Food, water, safety, access to basic healthcare and shelter are basic human rights. These are rights that we expect Governments and UN agencies to provide to all residents, and by and large we do not believe private philanthropy should have a primary role in funding these services. However, we have observed instances where rapid changes in displacement, often coupled with political challenges, leave refugee populations (and sometimes host communities) with gaps in critical services, necessitating private philanthropic intervention. The current elevated flows of refugees into Greece, and the dramatic displacement of Rohingya refugees into Bangladesh starting in August 2017 are two prime examples of our decision to become involved.
On The Greek Islands of Lesvos and Samos, we partner with Help Refugees to distribute basic necessities to families and unaccompanied minors. Help Refugees has created a network of dozens of local partners to provide best-in-class support for humanitarian efforts throughout Greece.
Similarly, in Cox’s Bazar, Bangladesh, we partner with BRAC, a leading, Bangladesh-based INGO, and Humanity Rises, operator of a medical clinic and child life center serving over 30,000 Rohingya refugees.
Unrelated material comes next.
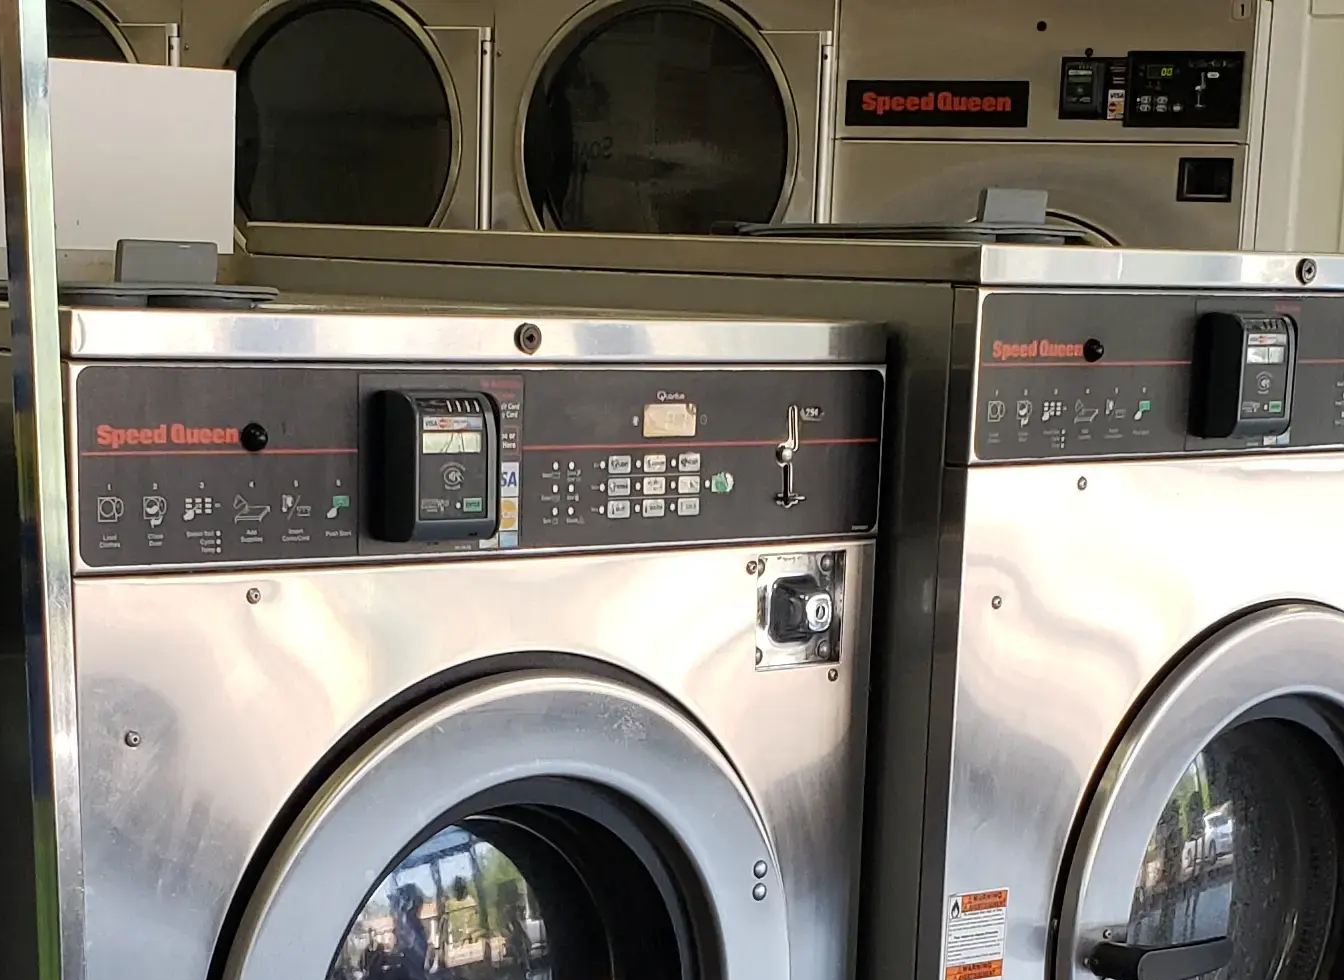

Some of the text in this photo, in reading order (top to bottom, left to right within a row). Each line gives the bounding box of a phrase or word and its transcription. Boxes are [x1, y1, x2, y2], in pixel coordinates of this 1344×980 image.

[862, 92, 1012, 115] Speed Queen
[992, 339, 1084, 361] Speed Queen
[97, 423, 241, 449] Speed Queen
Locally, we support the Boston Medical Center's (BMC) Immigrant and Refugee Health Center. Healthcare in America is not fully covered for those fleeing violence and actively seeking asylum, and through our partners at BMC, we help to ensure that asylum seekers amongst us are getting the physical and psychological care they need.
In addition to these investments, we have also made investments into four different refugee emergency funds fun by The International Rescue Committee (IRC), IsraAID, ALIMA and Edesia. These funds ensure that our partners have immediate access to funds which allow them to mobilize quickly during new migration crises, in advance of long-term funding which typically takes time to get approved and disbursed.